I don't think it's a coincidence that Amazon Prime is streaming Dutch writer / director Martin Koolhoven's film from 2016 Brimstone.
In it Guy Pearce plays a seemingly invincible pietist preacher in 19th century South Dakota. The preacher menaces and tortures his wife (Carice Van Houten) before she commits suicide in front of the congregation, scourges and rapes his daughter (Emilia Jones), stalks her across miles of wilderness for years and ends up being immolated by the same adult daughter (Dakota Fanning) before she commits suicide by drowning. (All of this is told in four chapters in more or less reverse chronology until the final fateful confrontation.)
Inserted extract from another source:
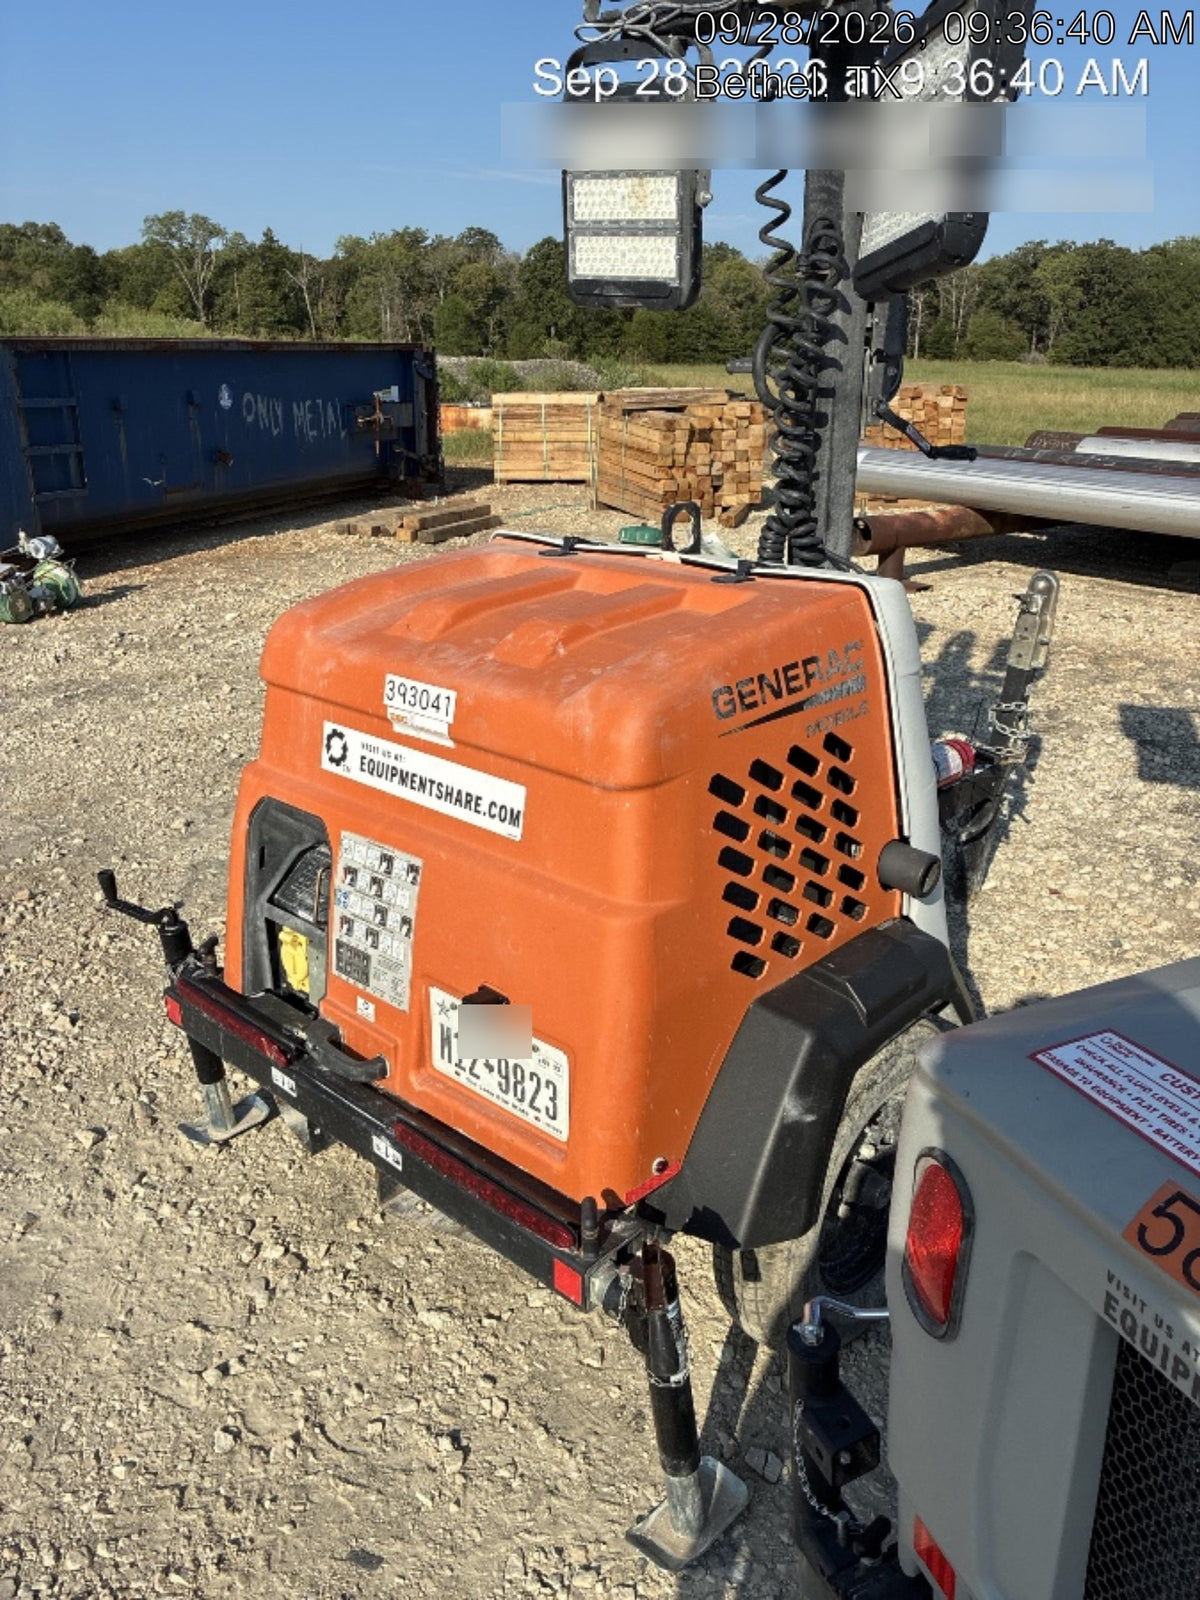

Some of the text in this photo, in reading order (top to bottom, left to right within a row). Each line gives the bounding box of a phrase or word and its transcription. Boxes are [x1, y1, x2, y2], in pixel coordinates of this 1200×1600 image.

I'm leaving out a number of relevant plot points but their inclusion would be as sadistically excessive as this film, which clocks in at 2.5 hours.
Still, the movie is not just about men treating women badly, although it's mainly about that. It is also about how religion is used to empower and to neuter, to elevate and to terrorize.
In one scene, early in the film, Fanning's Liz, a midwife, attempts to deliver a baby but there are complications and to save the life of the mother she excises the fetus using forceps. The woman's husband blames Liz's sinfulness for the failed delivery and demands that she be punished.
It doesn't come to that -- then -- but the scene establishes a shocking, bewildering tone and, chillingly, reflects today's reality, where the divine is used to shore up men's vanity while undermining women's worth.
Brimstone is a punishing, difficult watch that I had to stretch across several days to keep from feeling overwhelmed.